临床实践中发现麻醉后处理,特别是Sev-postC能够有效缓解病人的心肌I/R损伤。Sev-postC通过上调O-GlcNAc转移酶介导的O-GlcNAc-RIPK3减少心肌I/R损伤诱导的心肌坏死性凋亡[25]。Sev-postC通过一氧化氮(NO)-依赖性机制恢复自噬通量防止心肌I/R损伤[19]。Sev-postC通过激活Janus激酶2(JAK2)-信号转导和转录激活因子3(STAT3)通路保护心肌免受I/R损伤[26]。本研究探索联合应用Dex与Sev能否缓解心肌I/R损伤,结果显示Sev-postC能够发挥与Dex协同保护心肌的作用。与单纯Dex处理比较,联合Dex与Sev-postC能够明显缓解I/R损伤小鼠心肌纤维化和心肌损伤。

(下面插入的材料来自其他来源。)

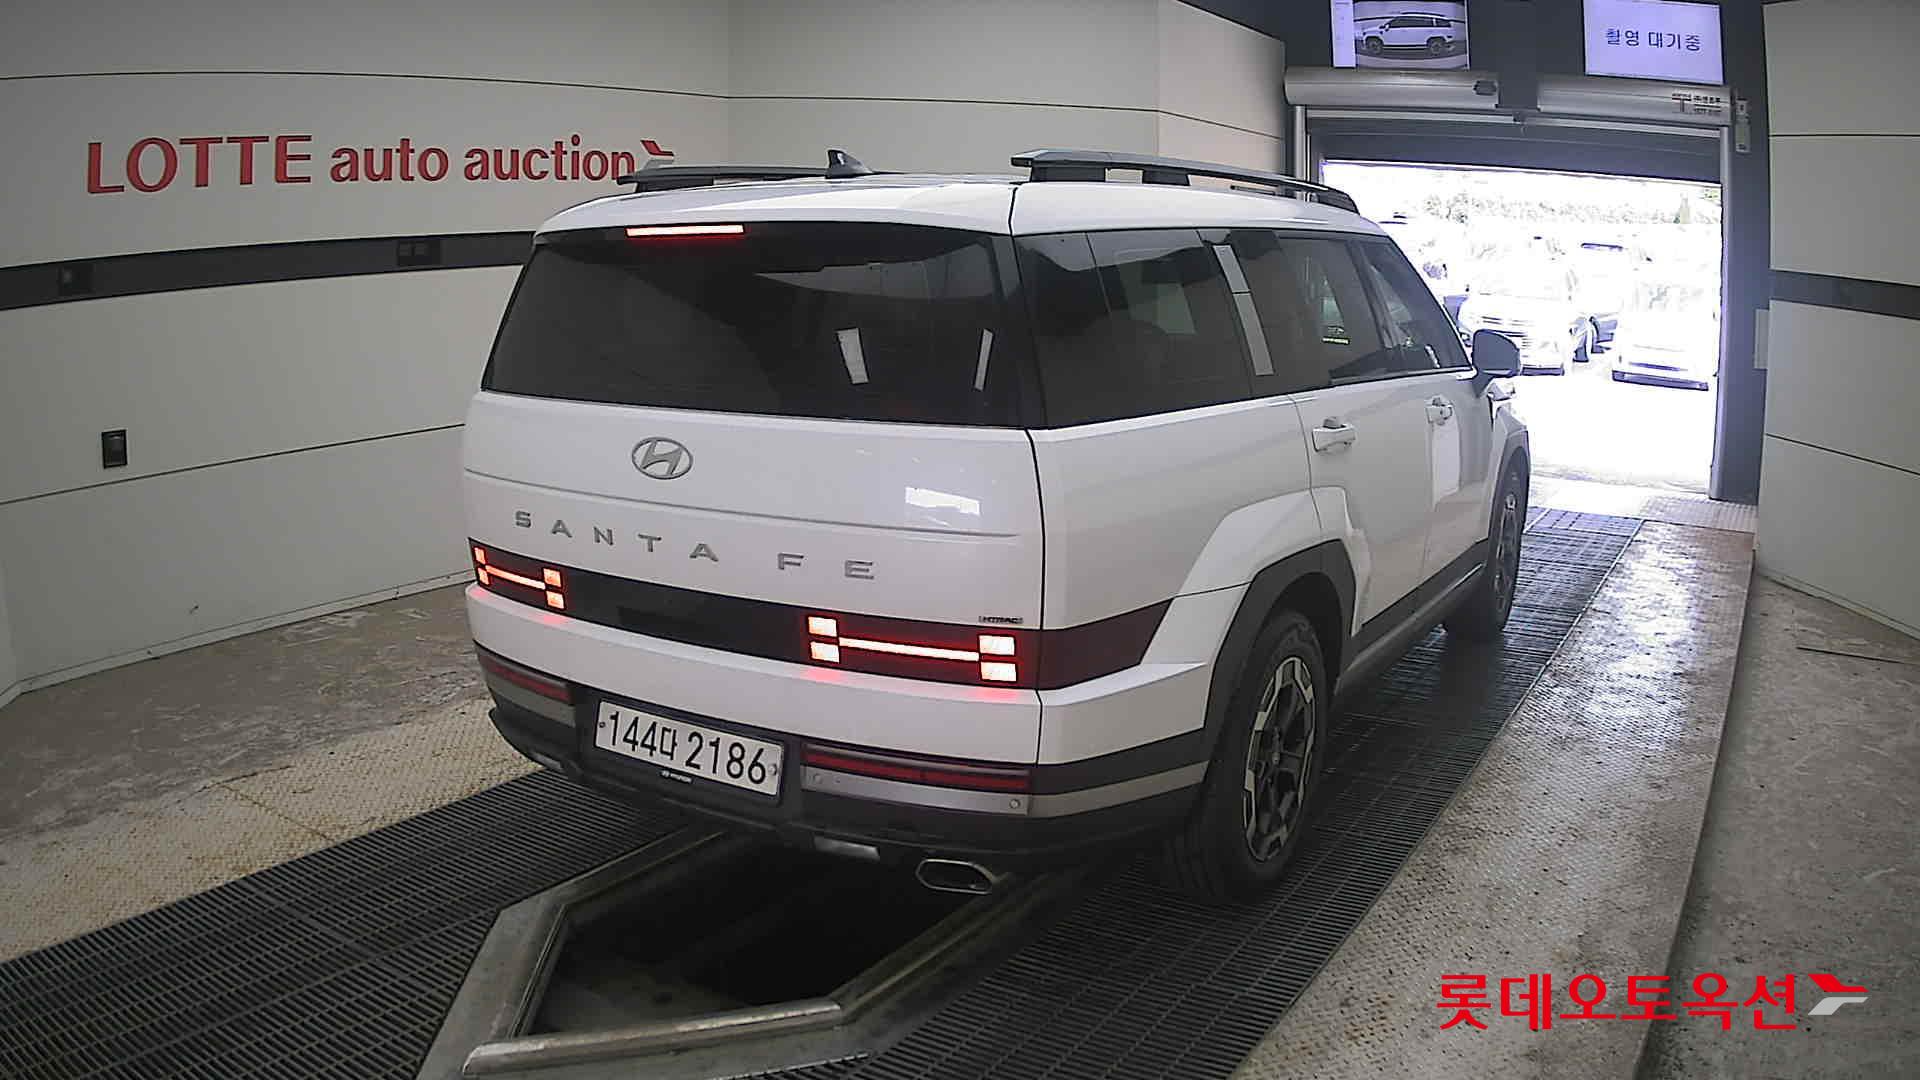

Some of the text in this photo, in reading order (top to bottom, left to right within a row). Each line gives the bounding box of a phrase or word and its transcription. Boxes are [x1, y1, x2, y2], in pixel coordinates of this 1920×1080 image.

本研究进一步分析了Sev-postC的分子作用机制。有研究显示,Sev-postC发挥心肌保护功能的分子作用通路主要有Toll样受体4(TLR4)/髓样分化因子88(MyD88)/核转录因子κB(NF-κB)通路[27],microRNA-145/颗粒酶K(GZMK)分子作用轴[28],以及低氧诱导因子-1(HIF-1)/B淋巴细胞瘤-2基因/腺病毒E1B相互作用蛋白3(BNIP3)通路[29]等。MIF是一种多效性炎症细胞因子。最近许多研究表明,MIF在缺血预处理诱导的心肌保护中发挥潜在的作用[17]。本研究发现,Sev能够通过MIF因子发挥与Dex的协同保护作用。敲低MIF后,Sev对Dex心肌保护的协同作用将被抵消;而过表达MIF将进一步增强Sev对Dex心肌保护的协同保护功能。

虽然本研究未深入探讨Sev是否通过microRNA发挥调节MIF因子表达并协同Dex对心肌实现保护功能。但初步证明Dex联合Sev-postC能够进一步发挥对I/R心肌的保护功能,而且这种协同增效的作用是通过MIF因子实现的,这为临床应用Dex与Sev等缓解心肌再灌注损伤提供了有力的临床前动物模型水平的研究数据。总之,本研究证实Sev-postC通过MIF因子增强Dex对MI/RI小鼠的心肌保护作用。